### ASSIGNMENT
Where an image appears in the data, omit it and reproduce the rest exactly.

### EXTRACTED MATERIAL
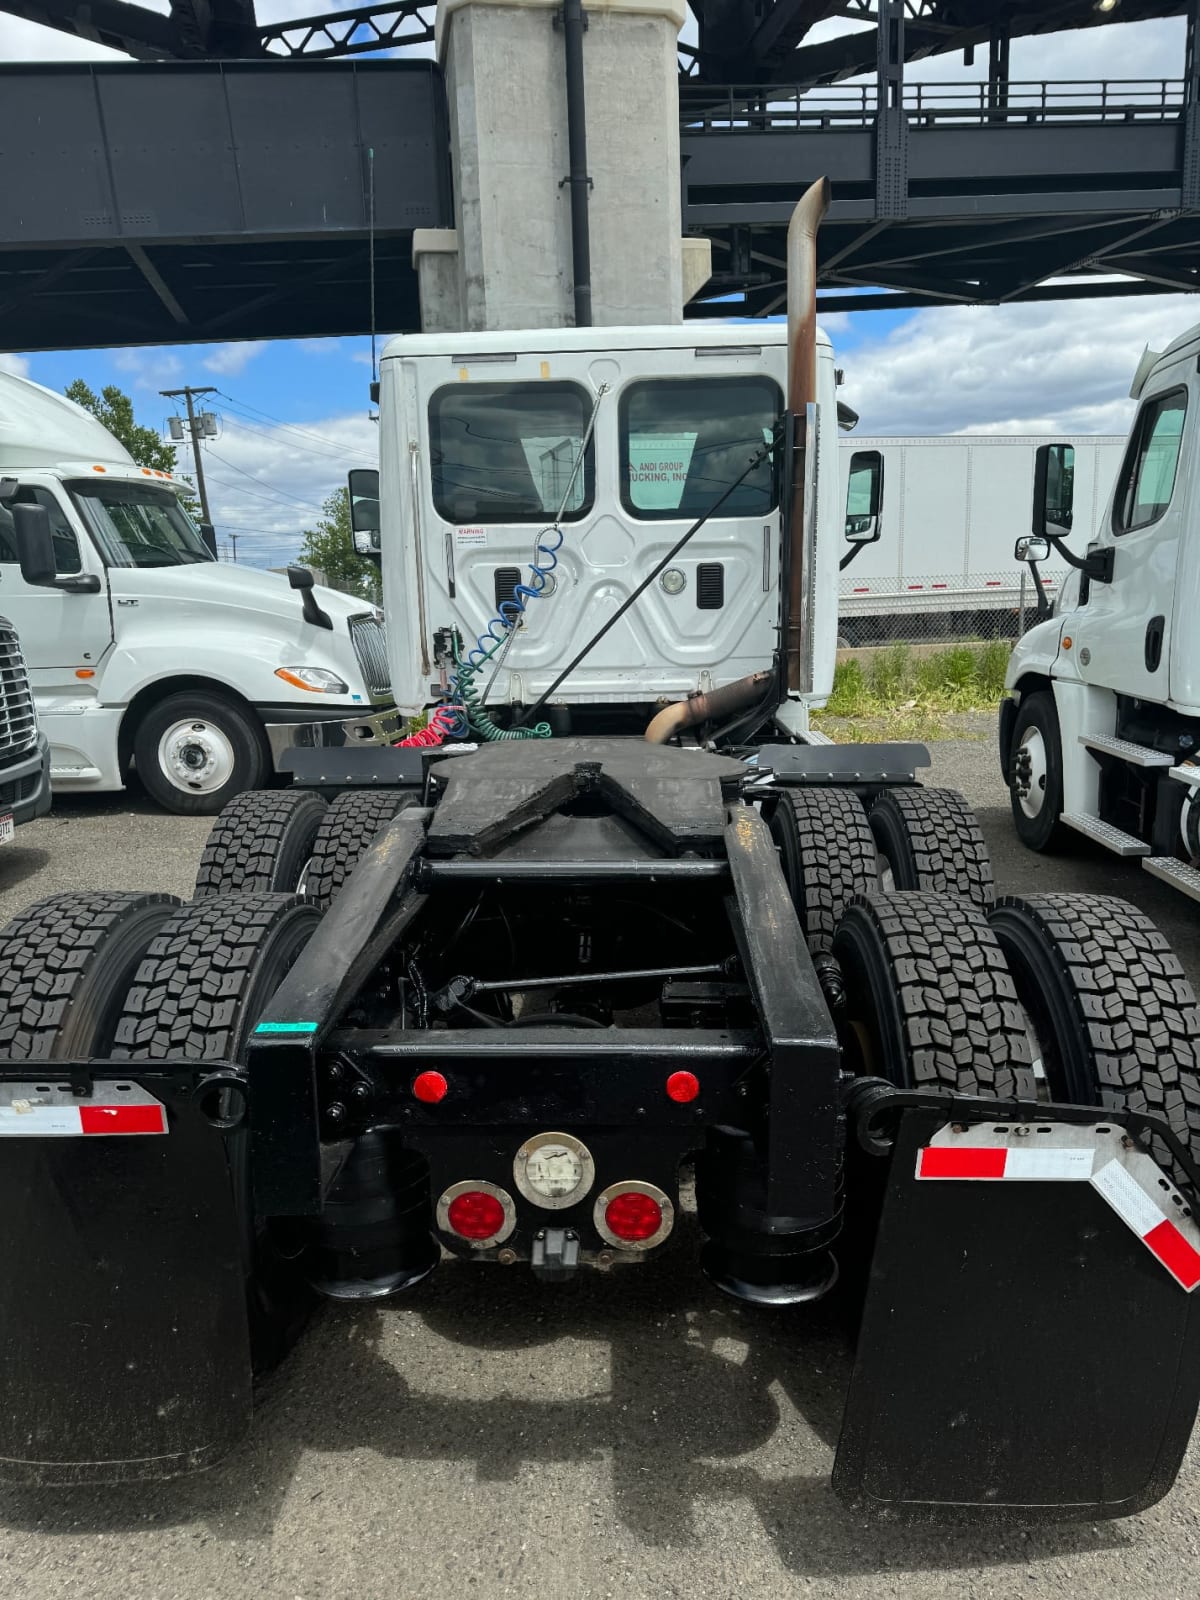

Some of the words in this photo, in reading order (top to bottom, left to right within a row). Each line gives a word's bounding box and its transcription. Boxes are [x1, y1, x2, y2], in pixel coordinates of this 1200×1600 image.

[640, 462, 657, 471] ANDI
[659, 462, 684, 471] GROUP
[630, 472, 670, 483] UCKING,
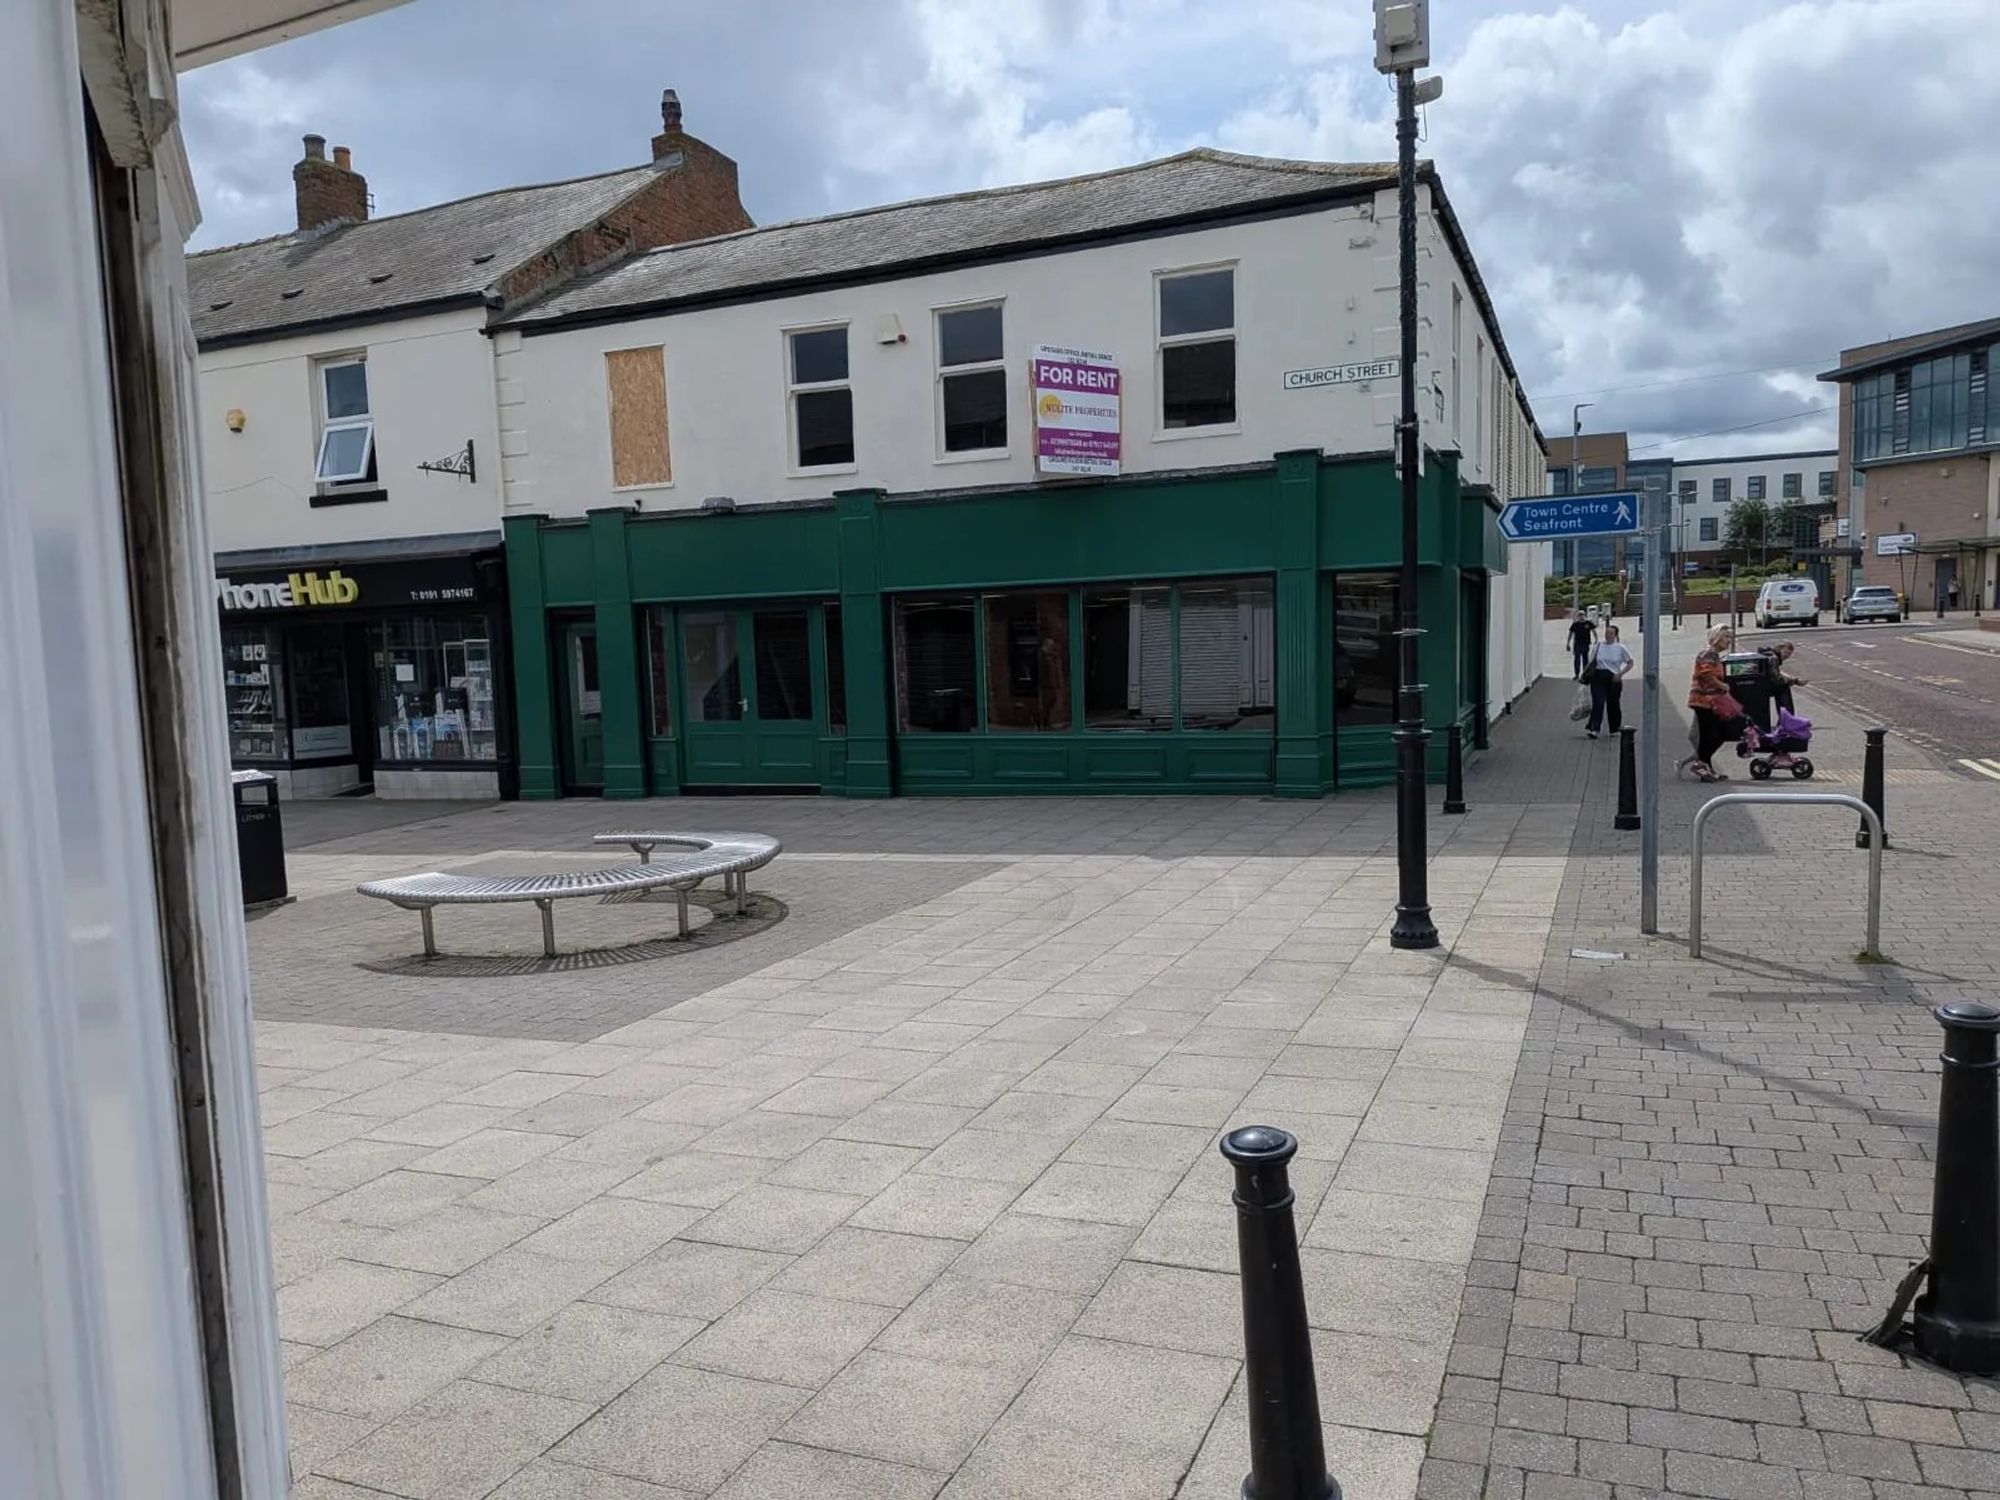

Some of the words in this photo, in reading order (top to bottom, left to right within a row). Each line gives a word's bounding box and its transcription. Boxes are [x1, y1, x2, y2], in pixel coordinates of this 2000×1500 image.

[1040, 364, 1073, 385] FOR
[1076, 369, 1118, 389] RENT
[1290, 369, 1342, 385] CHURCH
[1347, 362, 1394, 379] STREET
[1523, 506, 1558, 519] Town
[1562, 503, 1608, 516] Centre
[1523, 518, 1583, 532] Seafront
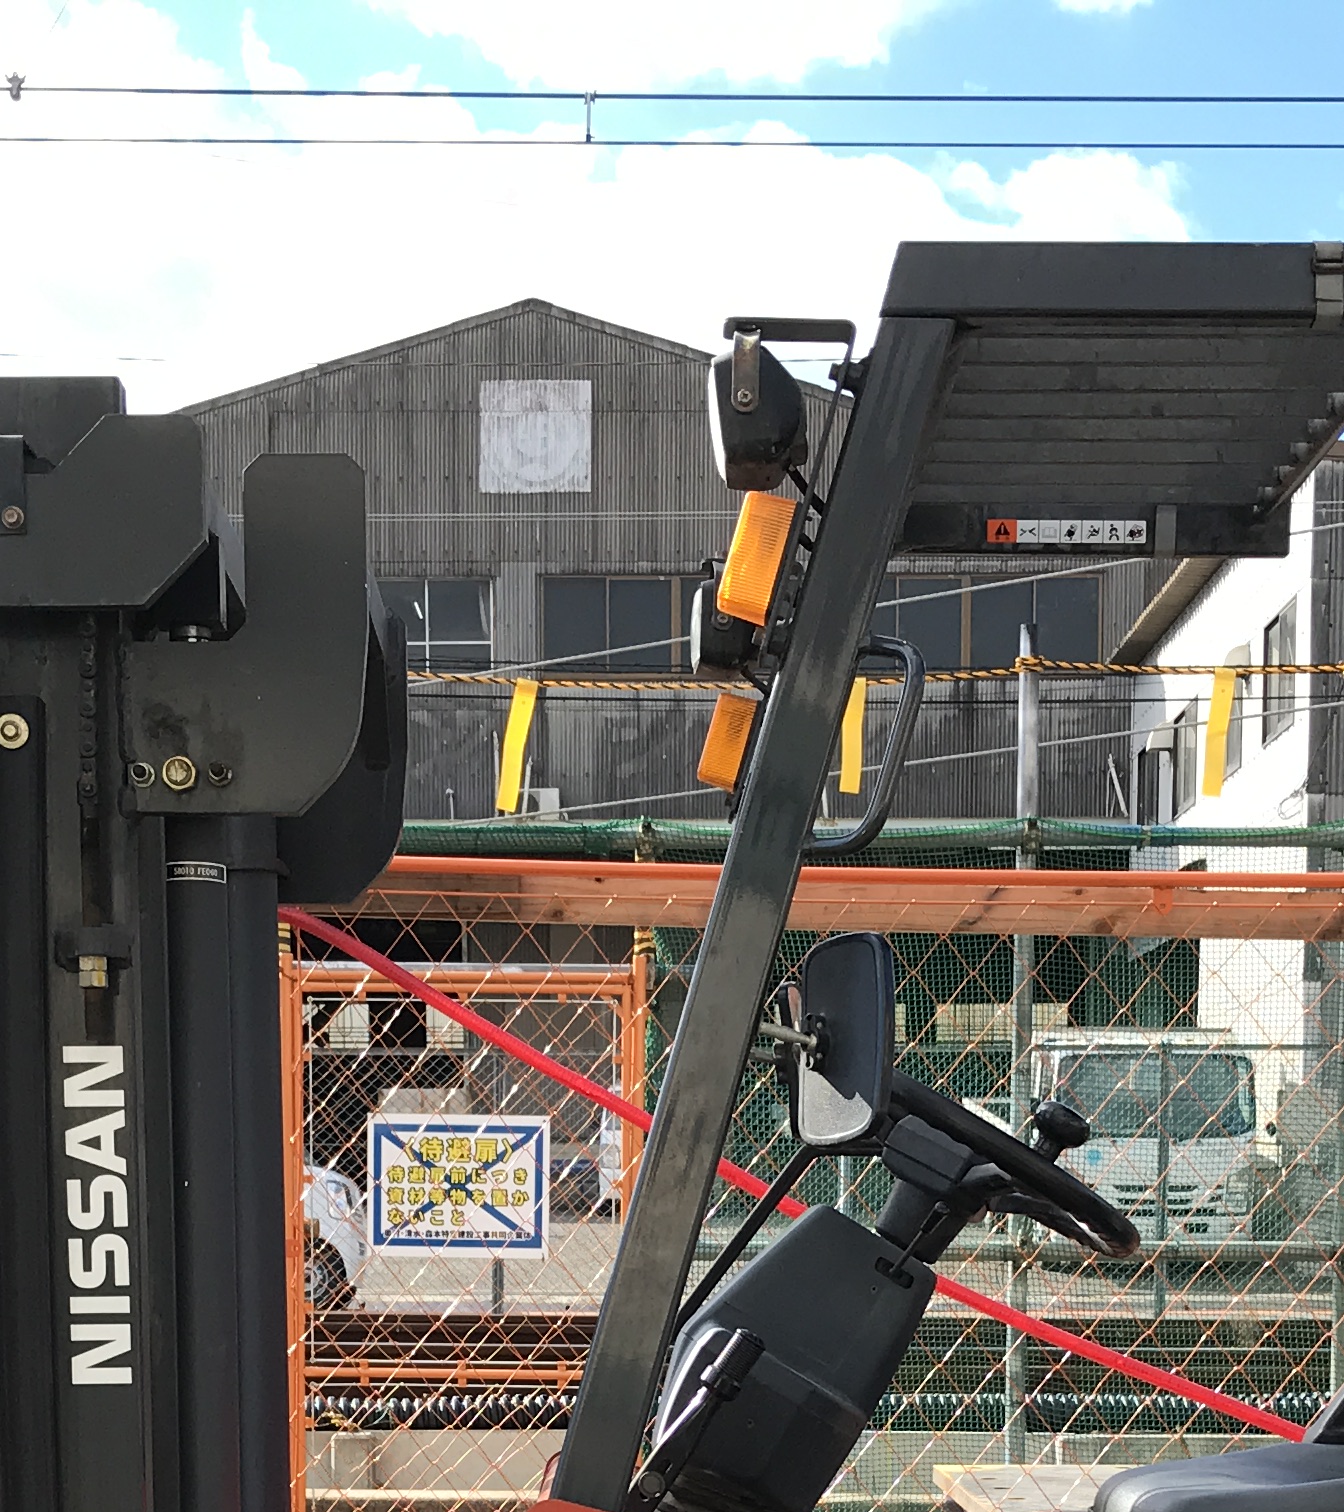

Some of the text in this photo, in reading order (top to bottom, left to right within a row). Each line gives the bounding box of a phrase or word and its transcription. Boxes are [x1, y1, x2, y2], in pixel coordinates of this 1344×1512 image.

### FINISHED EXERCISE
Some of the words in this photo, in reading order (top to bottom, left to right within a row). Each line gives a word's bounding box and its transcription. Boxes are [x1, y1, x2, y2], in pixel coordinates of this 1200×1600 image.

[640, 462, 657, 471] ANDI
[659, 462, 684, 471] GROUP
[630, 472, 670, 483] UCKING,

Some of the words in this photo, in reading order (top to bottom, left to right within a row). Each line gives a word's bounding box and its transcription. Boxes are [x1, y1, x2, y2], in pixel coordinates of this 2000×1500 image.

[1040, 364, 1073, 385] FOR
[1076, 369, 1118, 389] RENT
[1290, 369, 1342, 385] CHURCH
[1347, 362, 1394, 379] STREET
[1523, 506, 1558, 519] Town
[1562, 503, 1608, 516] Centre
[1523, 518, 1583, 532] Seafront

Some of the text in this photo, in reading order (top to bottom, left to right within a row). Each line gives the bounding box of a phrase or word and its transcription. Boxes are [x1, y1, x2, y2], in pixel coordinates of this 1344×1512 image.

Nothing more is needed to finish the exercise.